*WORK INSTRUCTIONS*.
Excluding pictures, reproduce word for word the lines from the one containing "Some of the words" through the end of the material below.
◇ ◇ ◇ ◇ ◇ ◇ ◇
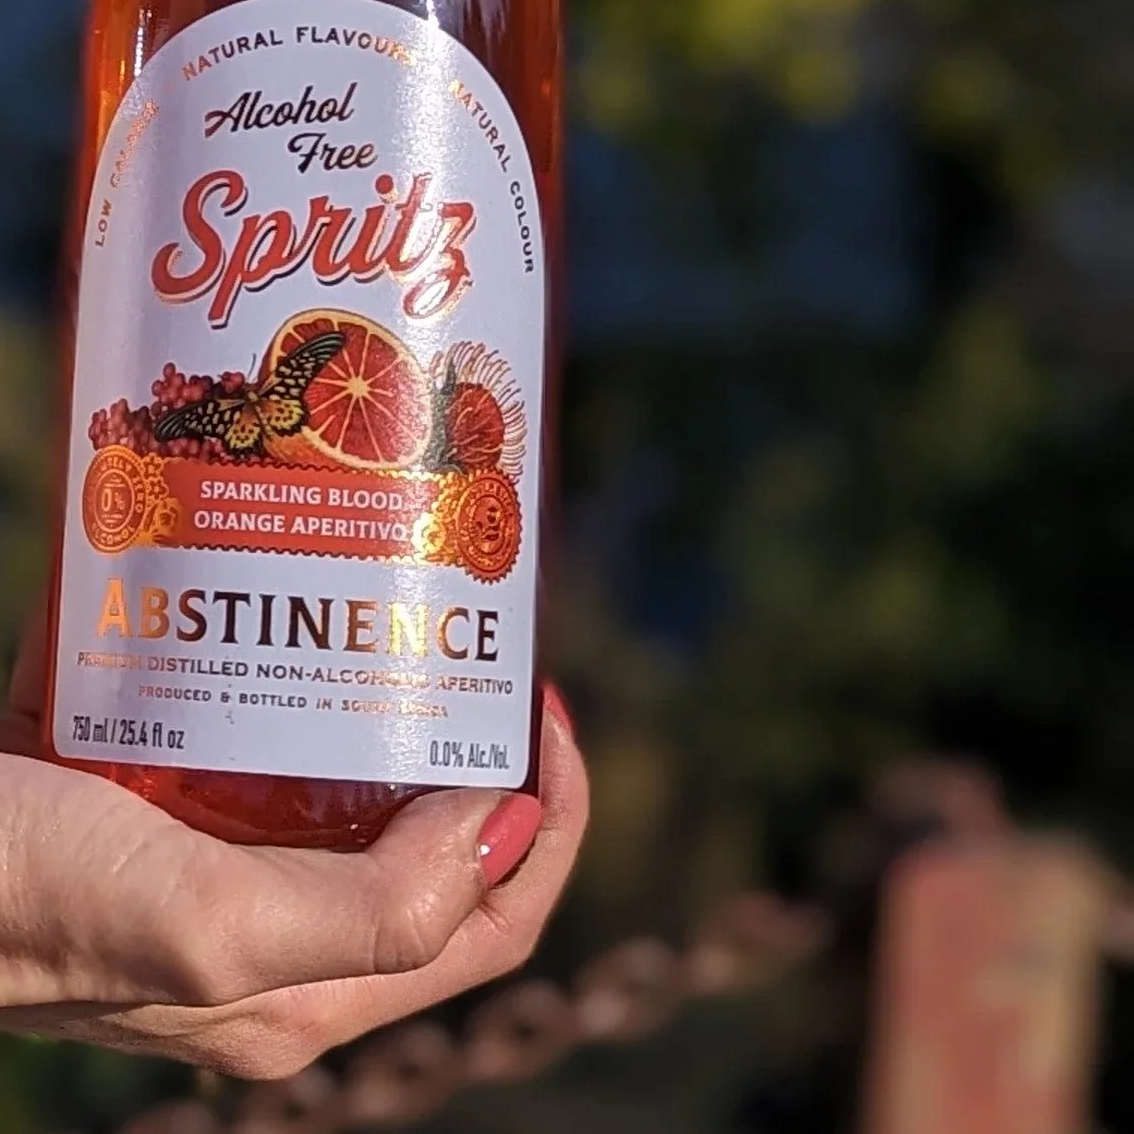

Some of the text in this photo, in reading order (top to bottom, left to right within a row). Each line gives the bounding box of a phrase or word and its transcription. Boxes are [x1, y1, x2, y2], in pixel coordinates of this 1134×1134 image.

[205, 81, 359, 139] Alcohol
[181, 29, 284, 82] NATURAL
[448, 79, 515, 173] NATURAL
[509, 180, 535, 274] COLOUR
[287, 132, 379, 174] Free
[95, 199, 112, 247] LOW
[151, 169, 477, 330] Spritz
[200, 480, 404, 511] SPARKLING BLOOD
[194, 510, 409, 542] ORANGE APERITIVO
[94, 575, 500, 663] ABSTINENCE
[147, 655, 249, 678] DISTILLED
[435, 674, 514, 695] APERITIVO
[138, 684, 213, 703] PRODUCED
[238, 693, 307, 709] BOTTLED
[316, 697, 332, 710] IN
[73, 715, 91, 742] 750
[119, 719, 148, 747] 25.4
[152, 722, 163, 749] fl
[167, 730, 186, 750] oz
[429, 740, 465, 768] 0.0%
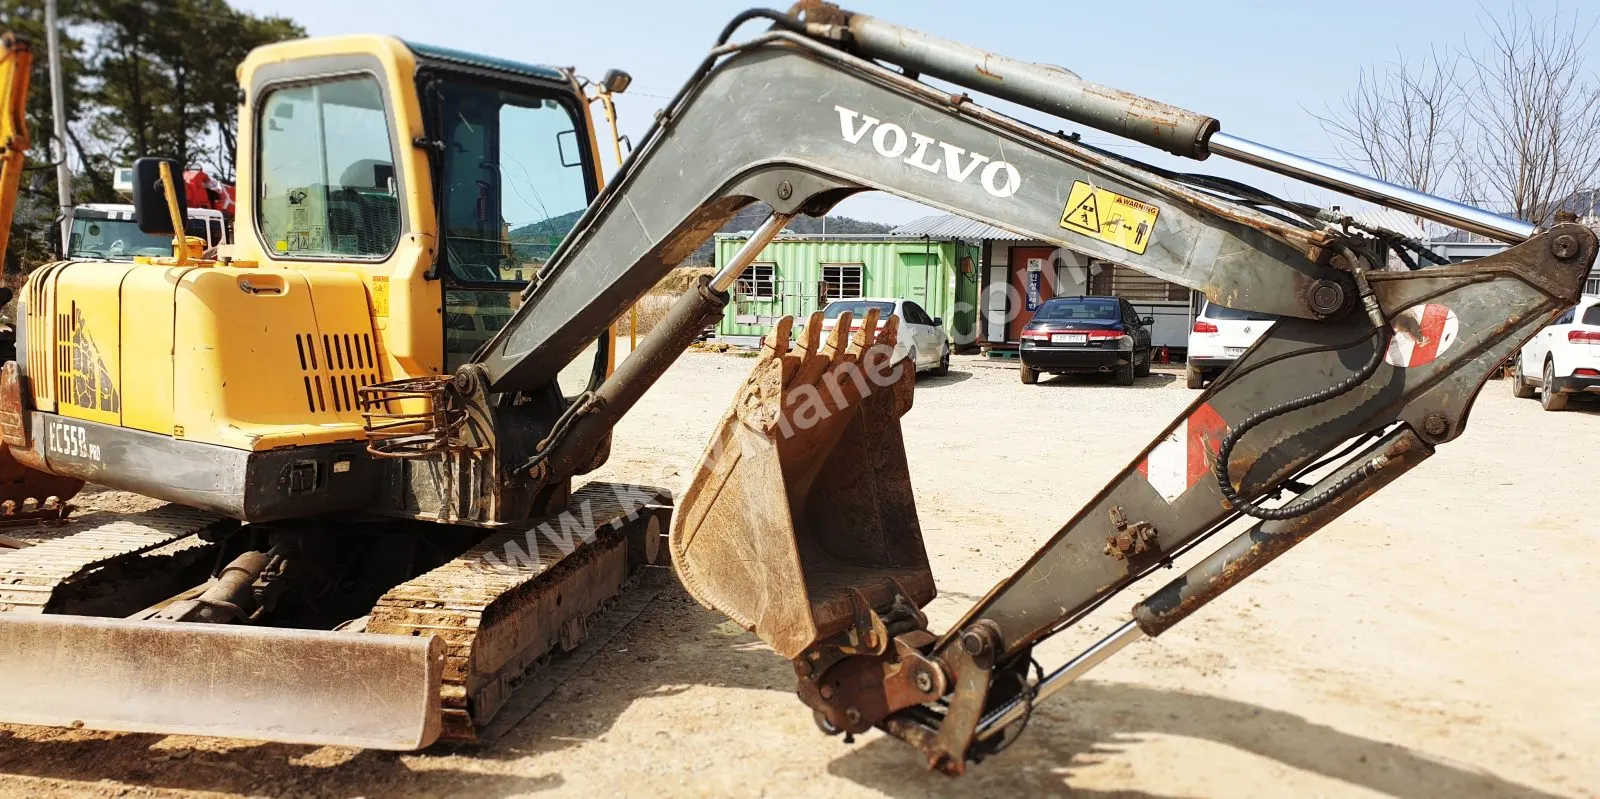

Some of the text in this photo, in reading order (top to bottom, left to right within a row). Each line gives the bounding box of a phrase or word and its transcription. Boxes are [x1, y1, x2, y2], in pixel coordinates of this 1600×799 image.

[834, 105, 1021, 198] VOLVO
[1123, 198, 1157, 214] WARNING
[49, 422, 101, 461] EC55B PRO
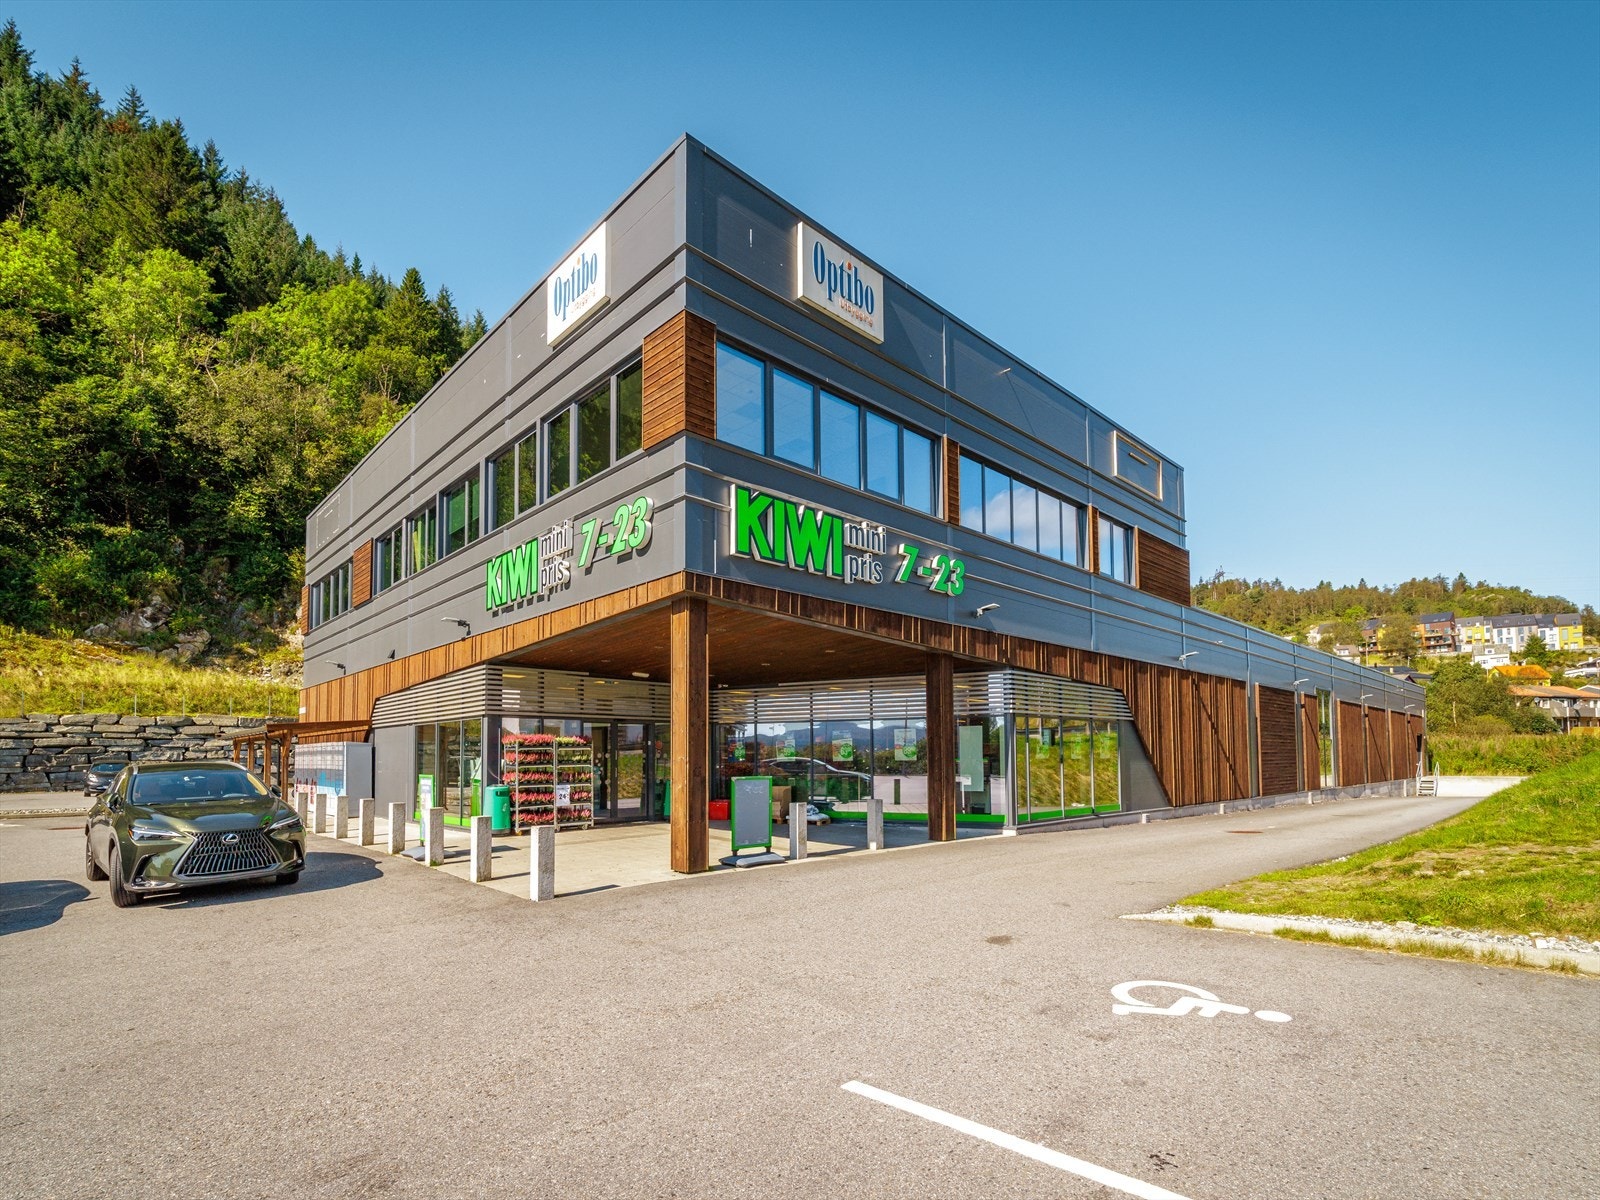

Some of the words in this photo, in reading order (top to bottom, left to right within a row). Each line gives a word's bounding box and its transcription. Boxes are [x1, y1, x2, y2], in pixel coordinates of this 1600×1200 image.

[553, 252, 598, 322] Optibo
[812, 240, 875, 315] Optibo
[541, 519, 570, 558] mini
[735, 486, 844, 577] KIWI
[846, 522, 886, 555] mini
[486, 537, 539, 611] KIWI
[540, 558, 566, 595] pris
[846, 553, 883, 584] pris
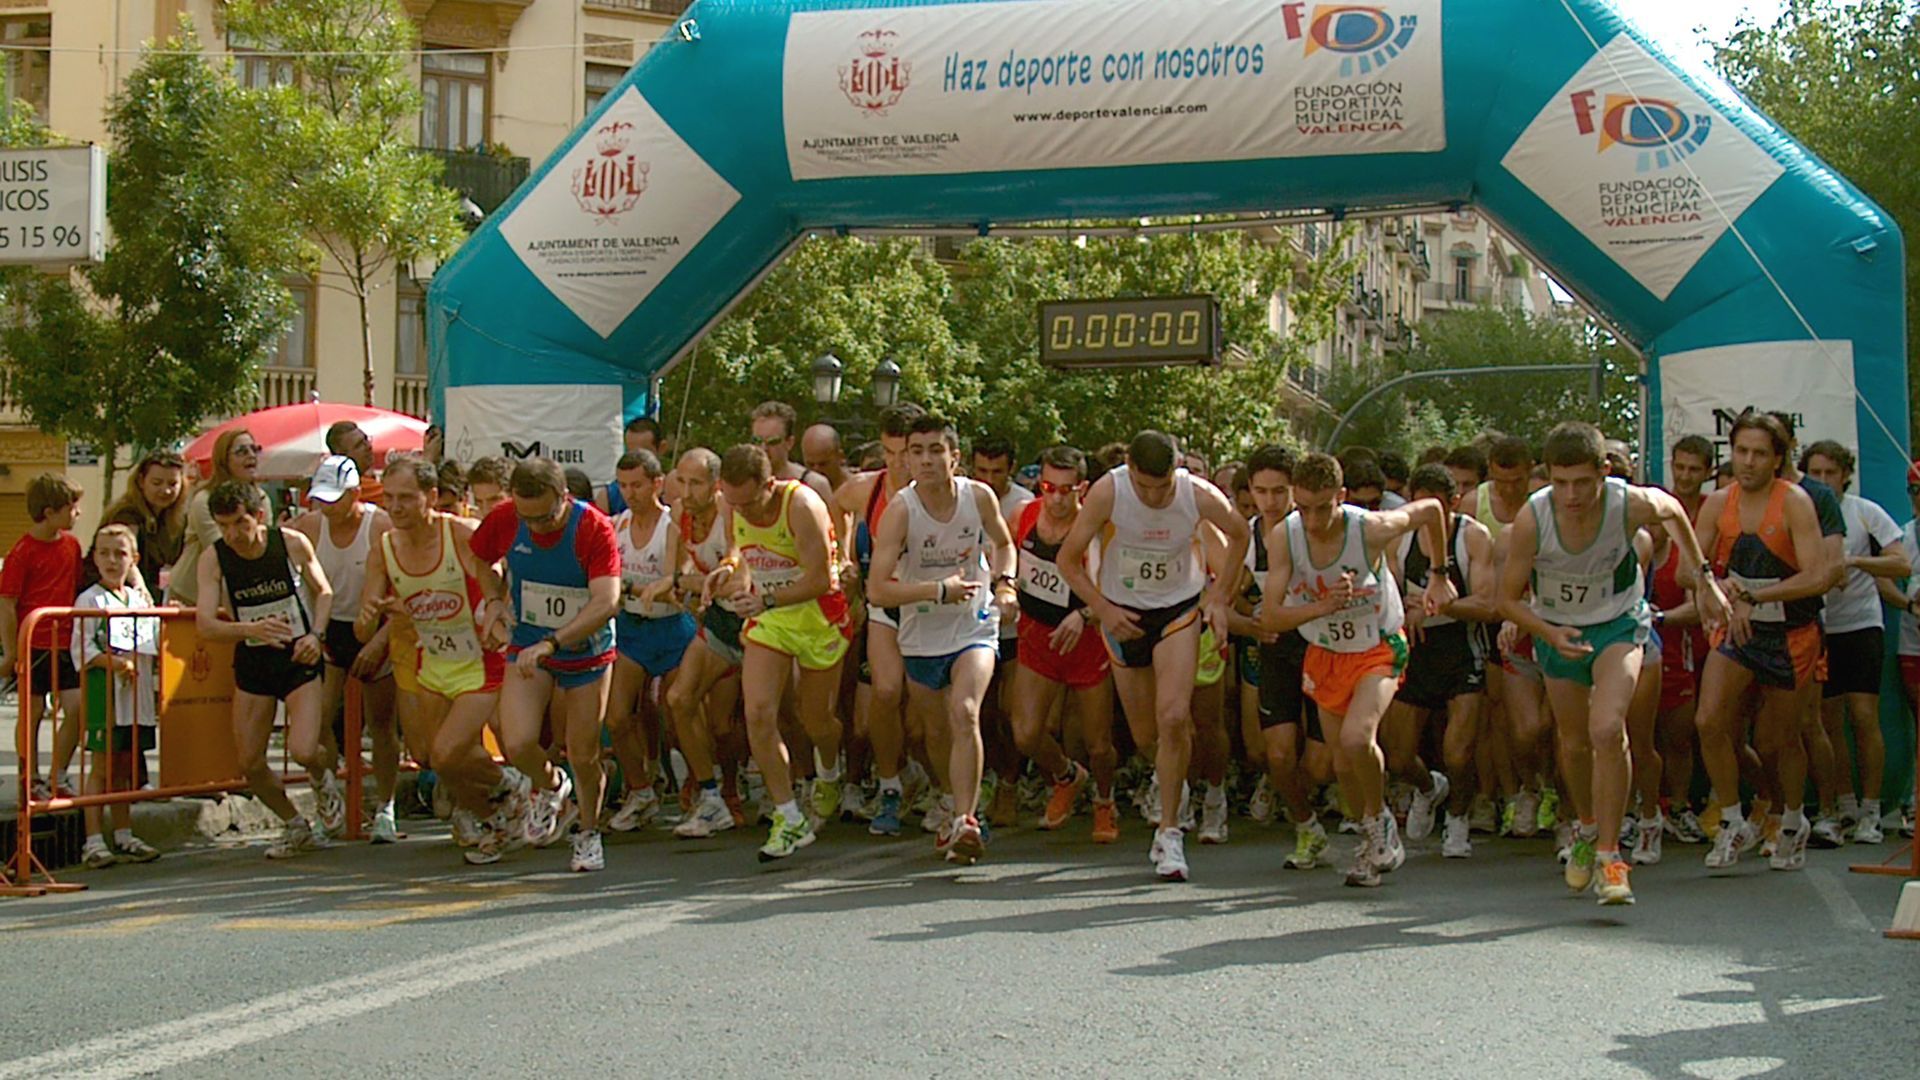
◇ ◇ ◇ ◇ ◇ ◇ ◇
*RESPONSE AREA*.
Some of the words in this photo, in reading order (top to bottom, left to right within a row). Each line gives a word's bounding box and its transcription. Boxes are [x1, y1, x2, y2], in pixel coordinates of this 1600×1200 image.

[553, 252, 598, 322] Optibo
[812, 240, 875, 315] Optibo
[541, 519, 570, 558] mini
[735, 486, 844, 577] KIWI
[846, 522, 886, 555] mini
[486, 537, 539, 611] KIWI
[540, 558, 566, 595] pris
[846, 553, 883, 584] pris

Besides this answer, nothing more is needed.